*ENTRIES SHOWN:*
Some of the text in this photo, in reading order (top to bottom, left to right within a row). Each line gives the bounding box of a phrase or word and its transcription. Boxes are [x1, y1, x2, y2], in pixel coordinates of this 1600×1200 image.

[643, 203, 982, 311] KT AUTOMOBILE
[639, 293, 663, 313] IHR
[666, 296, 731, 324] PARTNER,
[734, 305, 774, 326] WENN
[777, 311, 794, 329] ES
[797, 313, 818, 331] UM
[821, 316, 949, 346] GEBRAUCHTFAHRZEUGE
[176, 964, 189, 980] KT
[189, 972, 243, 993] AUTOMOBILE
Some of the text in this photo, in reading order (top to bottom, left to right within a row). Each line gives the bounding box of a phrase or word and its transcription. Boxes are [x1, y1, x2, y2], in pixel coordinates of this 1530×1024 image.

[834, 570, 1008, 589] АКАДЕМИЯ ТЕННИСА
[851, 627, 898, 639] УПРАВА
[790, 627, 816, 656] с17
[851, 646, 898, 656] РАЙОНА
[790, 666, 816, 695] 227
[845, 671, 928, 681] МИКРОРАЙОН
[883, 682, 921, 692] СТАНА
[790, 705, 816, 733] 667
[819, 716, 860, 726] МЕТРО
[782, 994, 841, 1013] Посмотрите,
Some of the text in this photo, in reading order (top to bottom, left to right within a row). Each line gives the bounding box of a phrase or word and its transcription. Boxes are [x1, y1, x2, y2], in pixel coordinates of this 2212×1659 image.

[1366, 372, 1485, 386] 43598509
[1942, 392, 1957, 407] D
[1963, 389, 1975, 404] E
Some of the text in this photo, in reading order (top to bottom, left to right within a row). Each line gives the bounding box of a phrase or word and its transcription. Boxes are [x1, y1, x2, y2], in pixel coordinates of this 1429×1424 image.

*AIM OF THE EXERCISE:* What you give back must match the material word for word.

*ANSWER SECTION:*
Some of the text in this photo, in reading order (top to bottom, left to right within a row). Each line gives the bounding box of a phrase or word and its transcription. Boxes are [x1, y1, x2, y2], in pixel coordinates of this 1600×1200 image.

[643, 203, 982, 311] KT AUTOMOBILE
[639, 293, 663, 313] IHR
[666, 296, 731, 324] PARTNER,
[734, 305, 774, 326] WENN
[777, 311, 794, 329] ES
[797, 313, 818, 331] UM
[821, 316, 949, 346] GEBRAUCHTFAHRZEUGE
[176, 964, 189, 980] KT
[189, 972, 243, 993] AUTOMOBILE
Some of the text in this photo, in reading order (top to bottom, left to right within a row). Each line gives the bounding box of a phrase or word and its transcription. Boxes are [x1, y1, x2, y2], in pixel coordinates of this 1530×1024 image.

[834, 570, 1008, 589] АКАДЕМИЯ ТЕННИСА
[851, 627, 898, 639] УПРАВА
[790, 627, 816, 656] с17
[851, 646, 898, 656] РАЙОНА
[790, 666, 816, 695] 227
[845, 671, 928, 681] МИКРОРАЙОН
[883, 682, 921, 692] СТАНА
[790, 705, 816, 733] 667
[819, 716, 860, 726] МЕТРО
[782, 994, 841, 1013] Посмотрите,
Some of the text in this photo, in reading order (top to bottom, left to right within a row). Each line gives the bounding box of a phrase or word and its transcription. Boxes are [x1, y1, x2, y2], in pixel coordinates of this 2212×1659 image.

[1366, 372, 1485, 386] 43598509
[1942, 392, 1957, 407] D
[1963, 389, 1975, 404] E
Some of the text in this photo, in reading order (top to bottom, left to right within a row). Each line gives the bounding box of a phrase or word and its transcription. Boxes are [x1, y1, x2, y2], in pixel coordinates of this 1429×1424 image.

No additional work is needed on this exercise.